_What you are asked to do_
The result should be the listing below, restated exactly, with its pictures left out.

_Extracted information_
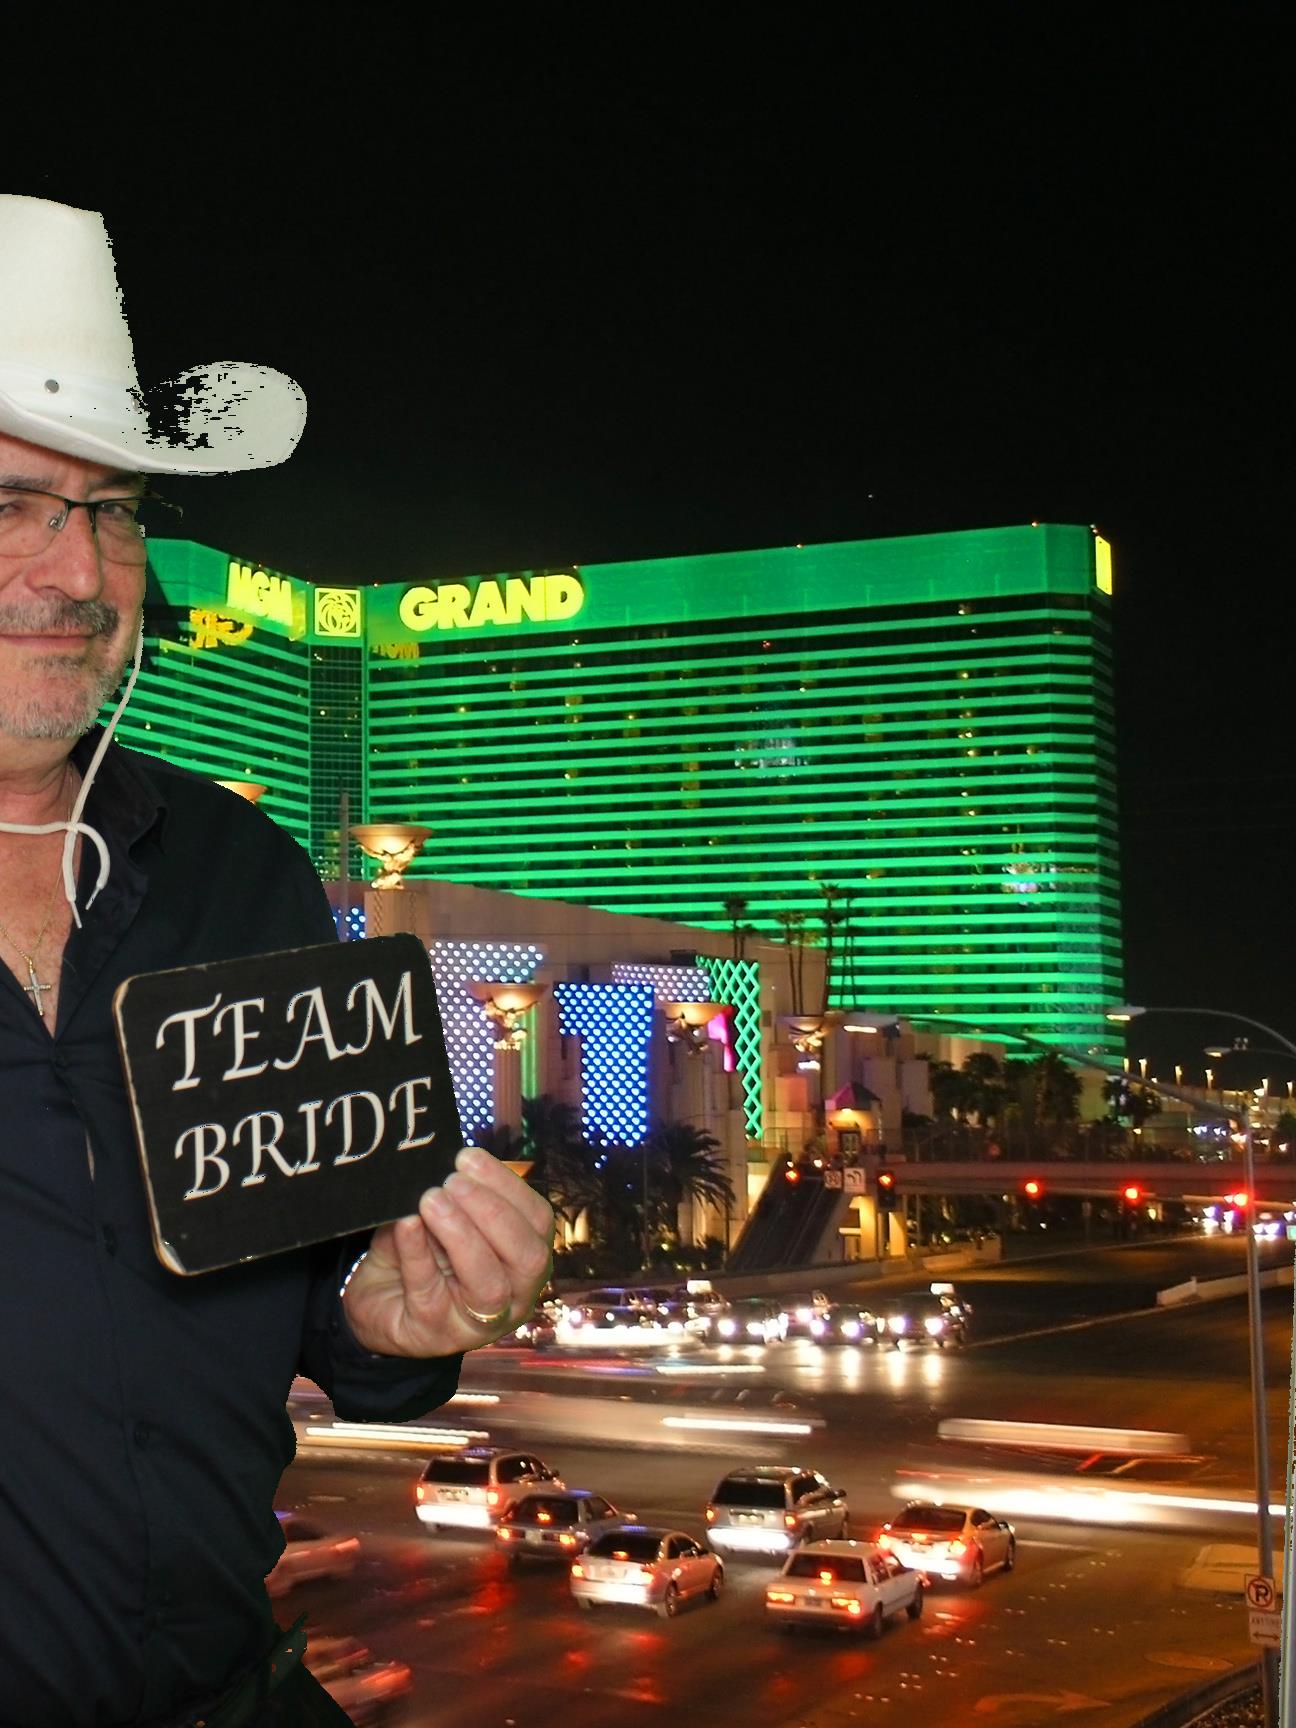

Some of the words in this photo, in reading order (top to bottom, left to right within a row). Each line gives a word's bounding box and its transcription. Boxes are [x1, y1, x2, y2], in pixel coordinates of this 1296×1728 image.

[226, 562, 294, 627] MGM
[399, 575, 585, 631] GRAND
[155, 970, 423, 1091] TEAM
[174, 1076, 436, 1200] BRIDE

_Result_
Some of the words in this photo, in reading order (top to bottom, left to right within a row). Each line gives a word's bounding box and its transcription. Boxes are [x1, y1, x2, y2], in pixel coordinates of this 1296×1728 image.

[226, 562, 294, 627] MGM
[399, 575, 585, 631] GRAND
[155, 970, 423, 1091] TEAM
[174, 1076, 436, 1200] BRIDE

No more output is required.